From down the hall, the shattering of plate glass. The noise of demonic howling, a mob of hundreds. “Check that out,” Fynn said, her eyes on Cate. Eli hesitated. “Go,” she ordered, raising her bow. Her aim would be true. She wasn’t letting him have this kill, either.
He ran toward the lobby, choking on his grief. He lurched away while his mother called for the demons to save her.
Then the Arrow hit her mark and the witch fell silent.
Fynn followed signs towards the lobby exit. She turned a corner in the maze and hit her face into Eli’s chest. He grabbed her shoulders and motioned for silence.
“Up,” he whispered. “We’ve got to get to the roof.”
“We need to get out,” she said. Going back in, they would run into Cain.
He motioned her to the end of the hall. They peeked around the corner. The only way to the outside was through a demonic horde. The lobby was full of demons. There were hundreds of them. The dead bodies of human Cain Pharmaceuticals night guards lay in the shards of broken glass from the doors. Demons jumped on the long reception desk, feeding at another guard’s neck. They hooted and grunted, their eyes hollow and glowing.
Her fingers reached for a bow. He blocked her hand.
“We can’t make it,” he said. “Don’t even think it.”
She let him lead her back through the hall. They moved past the elevators to the stairwell. He entered first. “It’s clear,” he said. “We can get to the roof.”
Plaster and splinters sprayed Fynn’s face. A shot in the wall by her head and the sharp scent of daemonium smoke.
Cain charged them from behind, roaring. Eli threw Fynn over his shoulder and slammed the door to the stairwell closed. She grabbed onto Eli’s shoulders.
The unearthly hooting of the throng surged through the hall. The unhuman ones were alerted to them now. They would tear them into pieces.
“Run,” she cried. And taking two or three stairs at a time, her Mayhem protector did.
***
Cain hid in the elevator. The newly awakened demons ran past as the doors closed. His mother’s chaotic and stupid demon army leapt over her skewered body thirsty only for fresh blood. He holstered his gun. He wiped his eyes and nose on his sleeve as the elevator hummed. On the horizon of his imagination the oasis of his island paradise disappeared. She’d spent the whole day with him. He never tied her up or forced her to come with him to the Vine. She was the one who called
him
to the Keep in the first place.
He’d had every right to hope.
Then she’d called Eligos, the demon bastard, her
love.
When she called off Eligos from strangling him, Cain’s heart leapt in undead hope even as his brother crushed his windpipe. He thought just for a second that she was saving his life because she loved him back.

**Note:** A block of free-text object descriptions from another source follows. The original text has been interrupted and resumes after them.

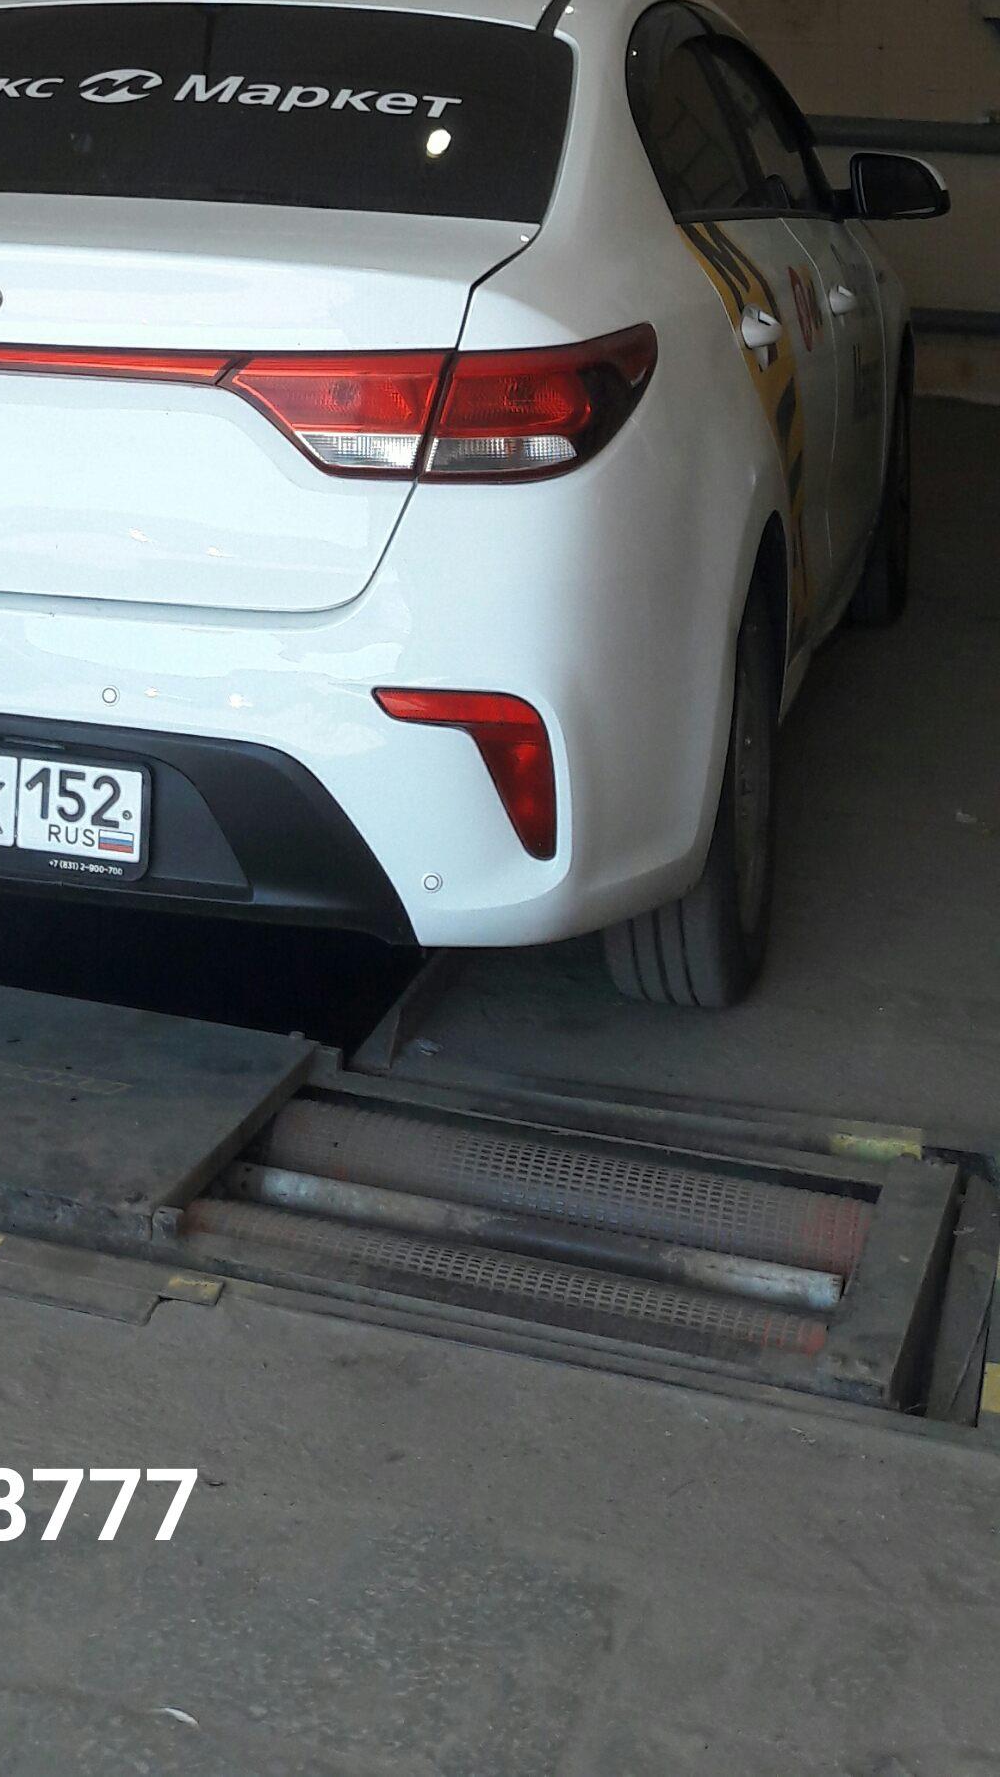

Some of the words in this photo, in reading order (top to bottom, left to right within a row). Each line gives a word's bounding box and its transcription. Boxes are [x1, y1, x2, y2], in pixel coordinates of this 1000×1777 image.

[174, 74, 463, 119] Маркет
[25, 767, 122, 829] 152
[48, 824, 96, 848] RUS
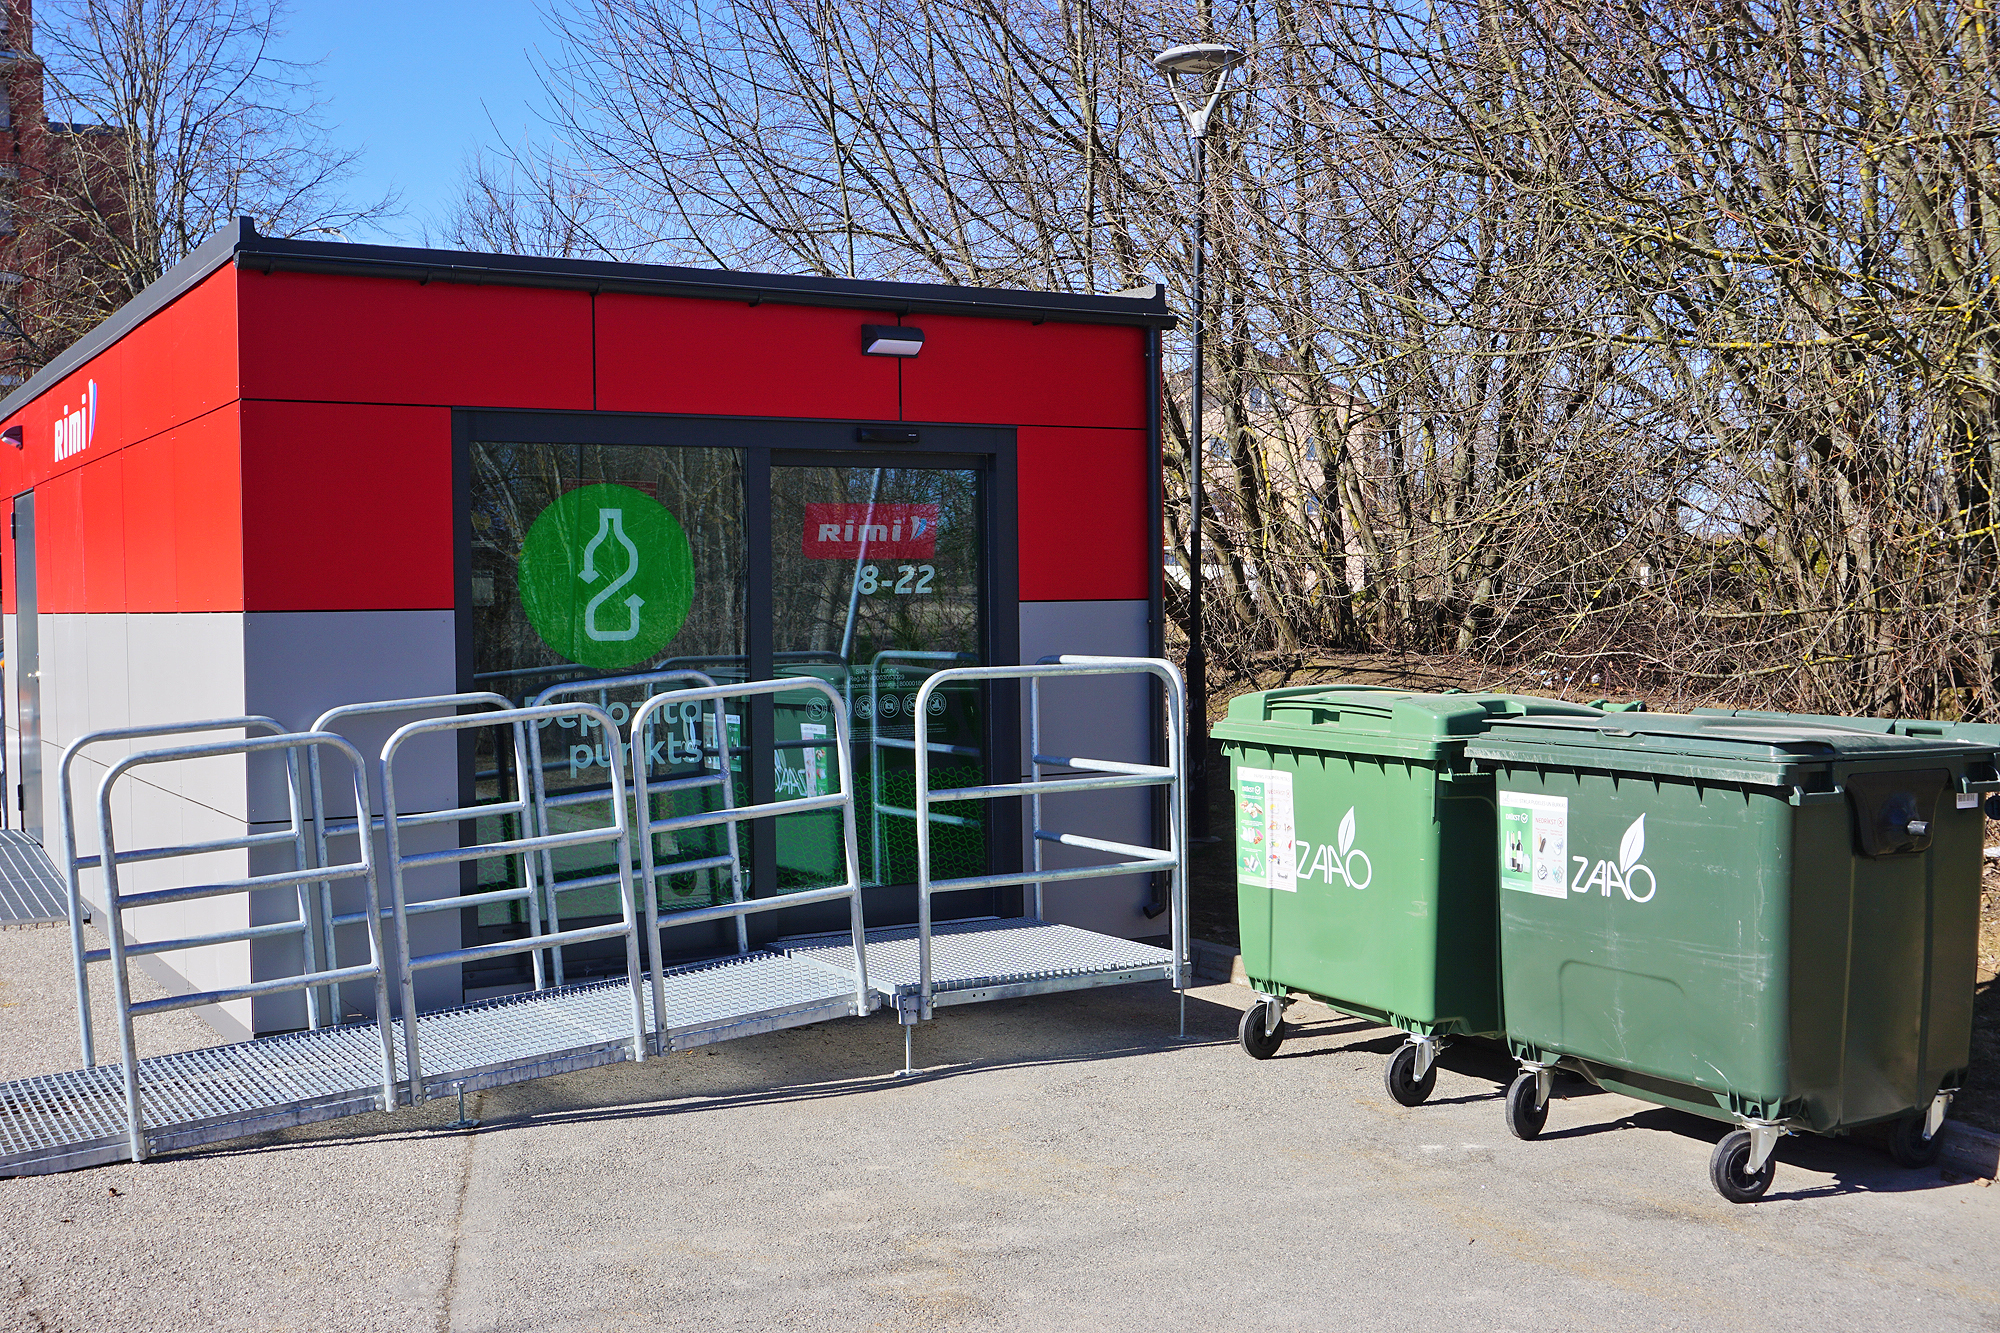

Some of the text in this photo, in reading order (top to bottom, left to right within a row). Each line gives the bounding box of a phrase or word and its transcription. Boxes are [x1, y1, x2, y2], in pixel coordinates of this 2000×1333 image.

[54, 393, 87, 463] Rimi
[817, 519, 902, 542] Rimi
[857, 564, 935, 595] 8-22
[1296, 840, 1372, 890] ZAAO
[1571, 855, 1657, 903] ZAAO

But one look and he saw that it was Eligos she had concern for. Dumb, ugly, baby Eligos had somehow stolen Fynn away from Cain. Eligos wasn’t even Eligos the demon anymore, not really. Even as he pressed the breath out of him, Cain could see the difference in his eyes. Something was wrong with him. He’d gone soft, letting Cain live because Fynn ordered it.

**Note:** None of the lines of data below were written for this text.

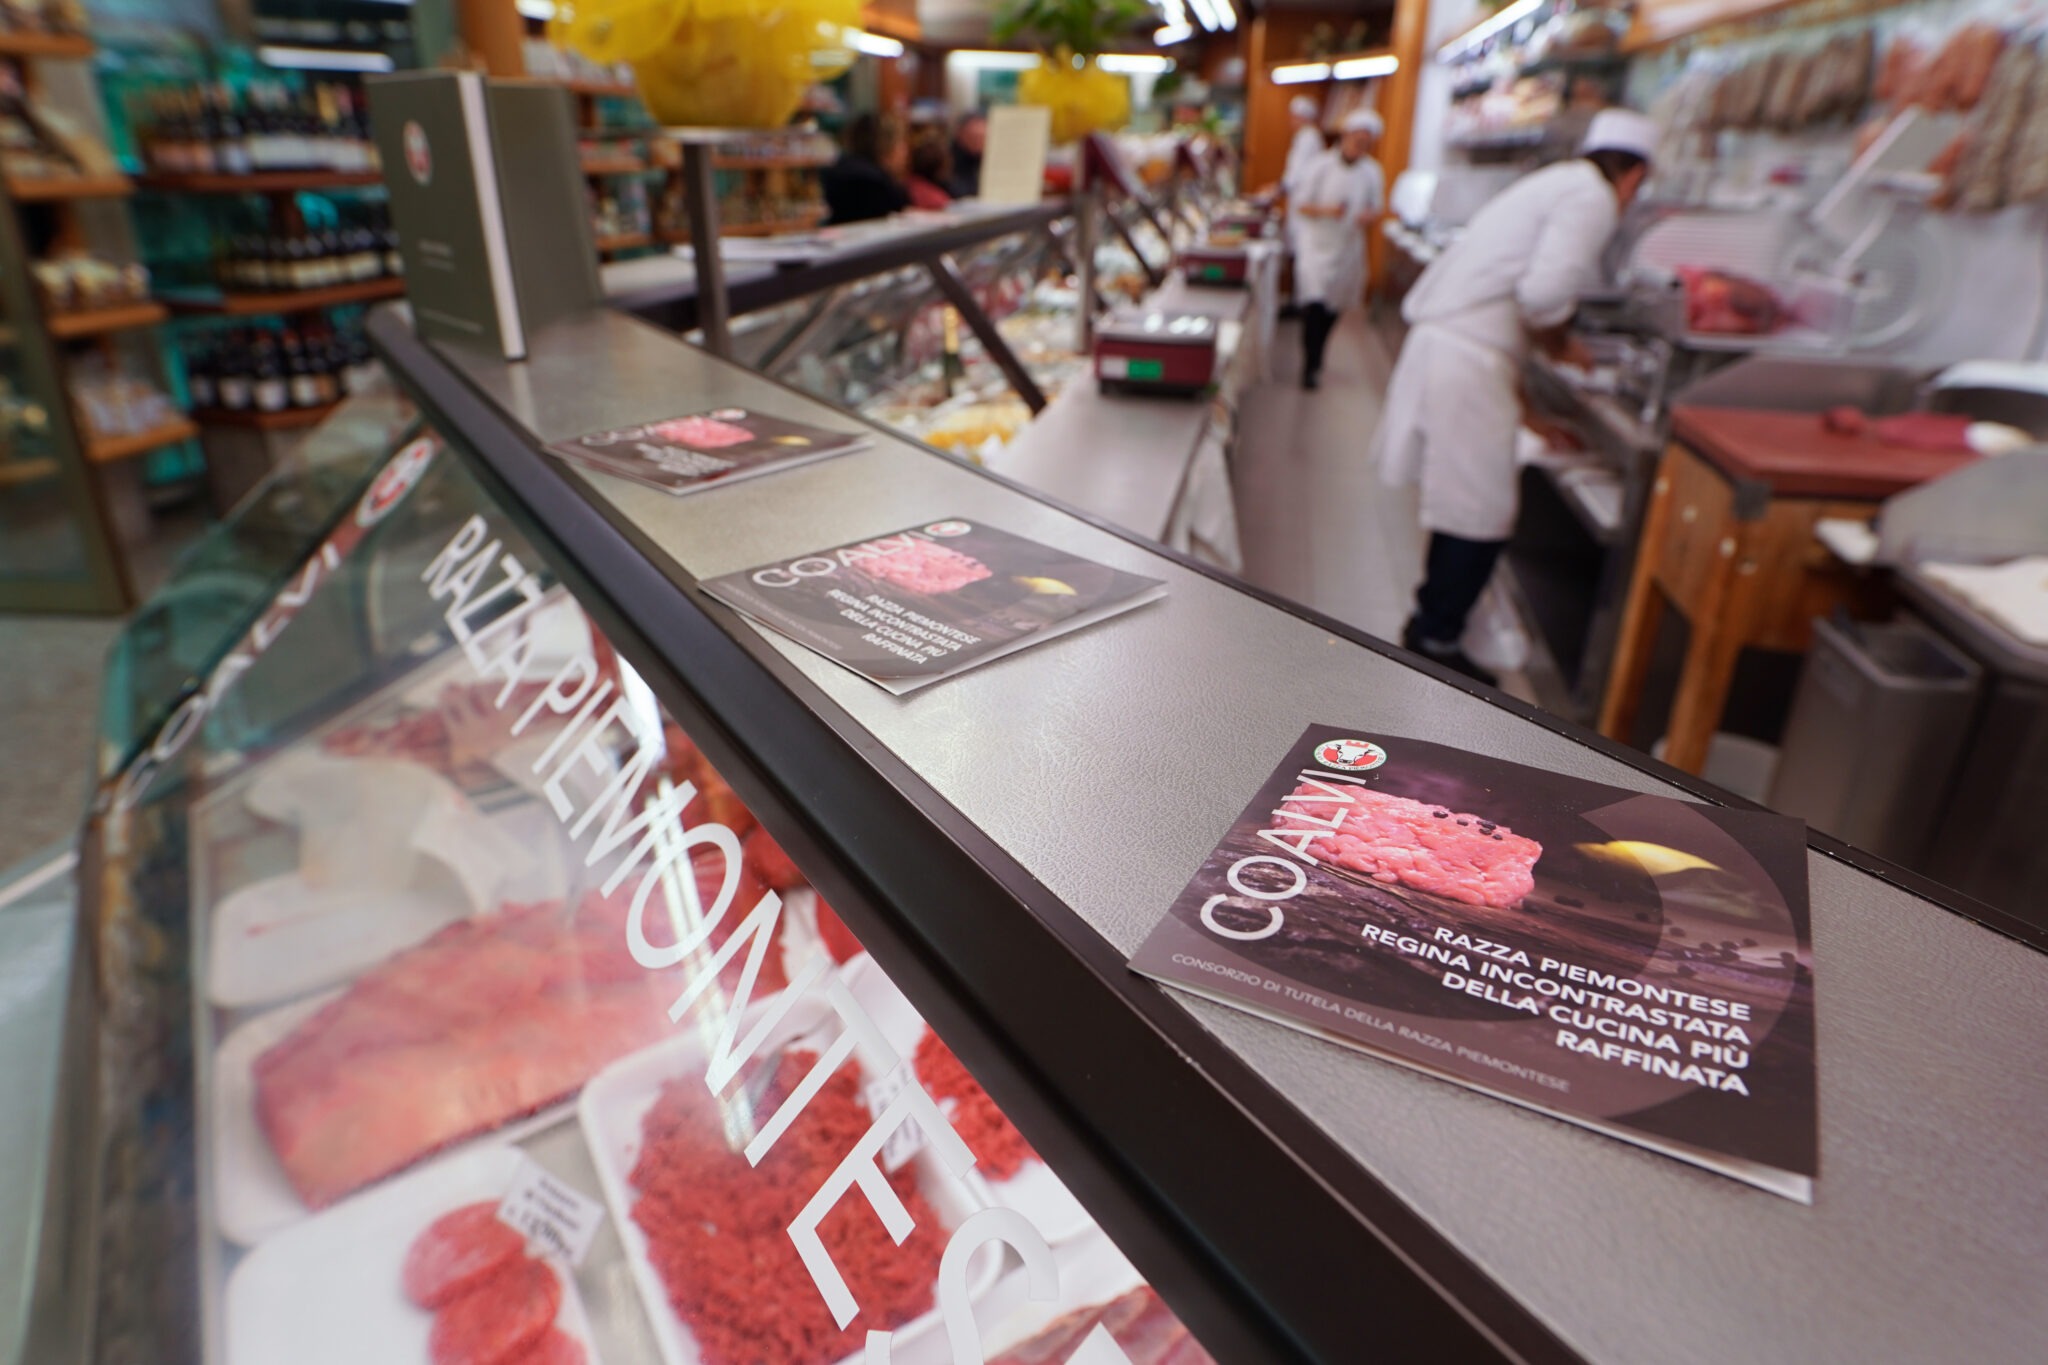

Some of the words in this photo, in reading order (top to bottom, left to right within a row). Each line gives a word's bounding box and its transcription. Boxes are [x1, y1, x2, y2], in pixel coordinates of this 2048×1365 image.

[752, 530, 935, 588] COALVI
[840, 608, 879, 629] DELLA
[875, 625, 924, 648] CUCINA
[861, 633, 928, 665] RAFFINATA
[865, 594, 905, 615] RAZZA
[902, 611, 982, 645] PIEMONTESE
[867, 608, 962, 652] INCONTRASTATA
[1200, 769, 1367, 941] COALVI
[421, 514, 544, 710] RAZZA
[510, 655, 1133, 1365] PIEMONTES
[1433, 926, 1531, 967] RAZZA
[1540, 957, 1752, 1021] PIEMONTESE
[1171, 953, 1261, 986] CONSORZIO
[1263, 979, 1281, 993] DI
[1284, 986, 1342, 1015] TUTELA
[1344, 1007, 1395, 1034] DELLA
[1398, 1025, 1452, 1054] RAZZA
[1455, 1045, 1571, 1094] PIEMONTESE
[1361, 923, 1471, 972] REGINA
[1480, 961, 1752, 1045] INCONTRASTATA
[1442, 971, 1540, 1015] DELLA
[1548, 1004, 1681, 1054] CUCINA
[1690, 1039, 1750, 1069] PIÙ
[1556, 1030, 1750, 1096] RAFFINATA

The leather holster held his gun tight against his body. Two more bullets rested in the chamber of his gun. He’d shot off too early before. He wouldn’t make that mistake again. If Cain couldn’t have Fynn then nobody would.

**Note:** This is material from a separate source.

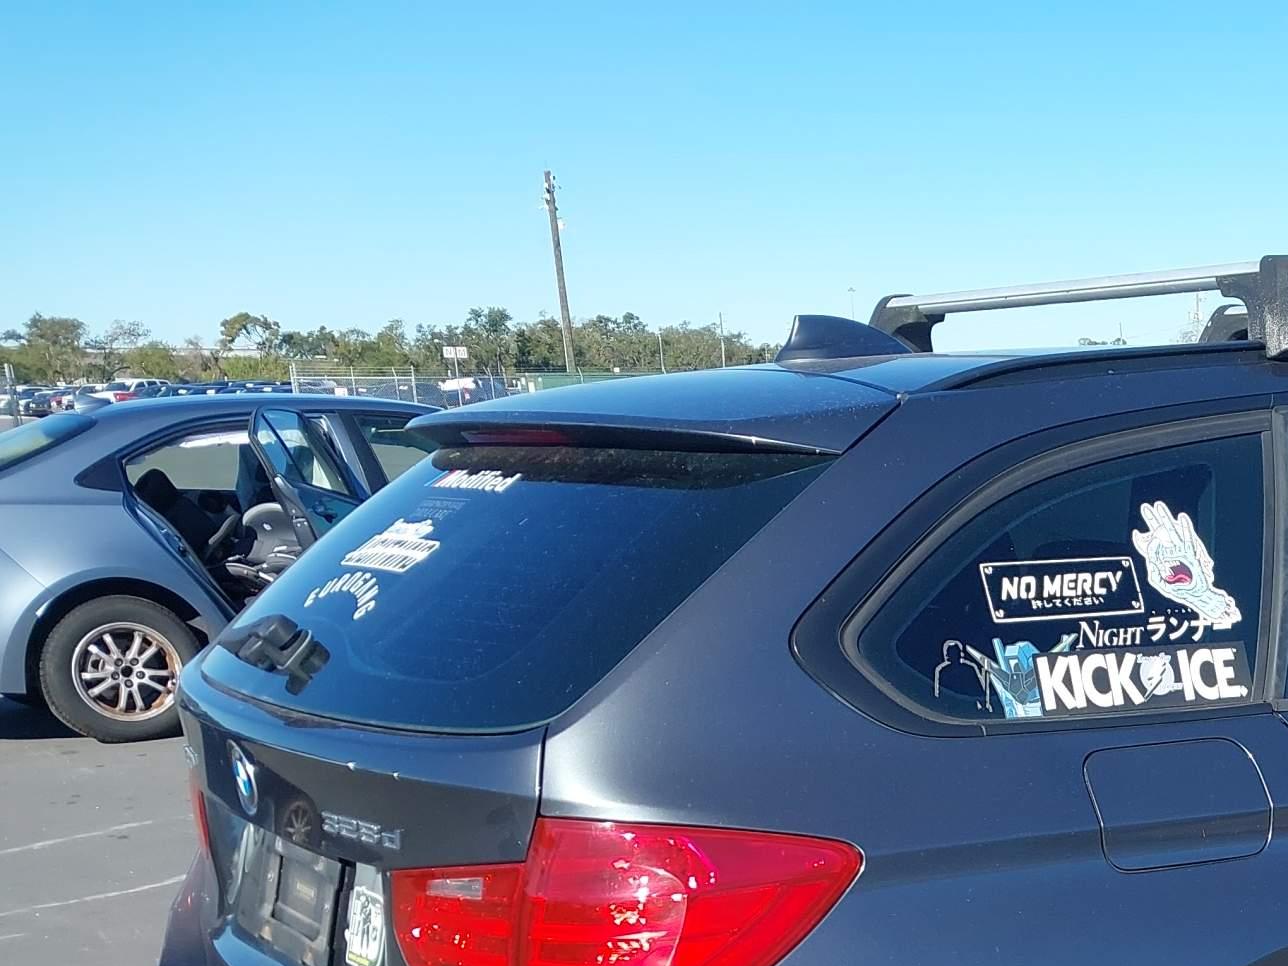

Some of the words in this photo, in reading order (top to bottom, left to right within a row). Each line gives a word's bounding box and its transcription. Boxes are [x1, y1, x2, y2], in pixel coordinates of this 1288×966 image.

[432, 469, 522, 493] Modified
[1001, 573, 1036, 600] NO
[1043, 571, 1122, 598] MERCY
[1036, 652, 1145, 711] KICK

The door opened again on the top floor. The hall rang with the deranged noise of the demon army his mother spawned in the warehouse. They were loose with no witch to control them. He was the only one left now. He was the last witch standing. His role in the coven had been the earthly, business end. He had little truck in glamour or demon rustling. He had no idea what to do with the four hundred murdering freaks let loose in his building.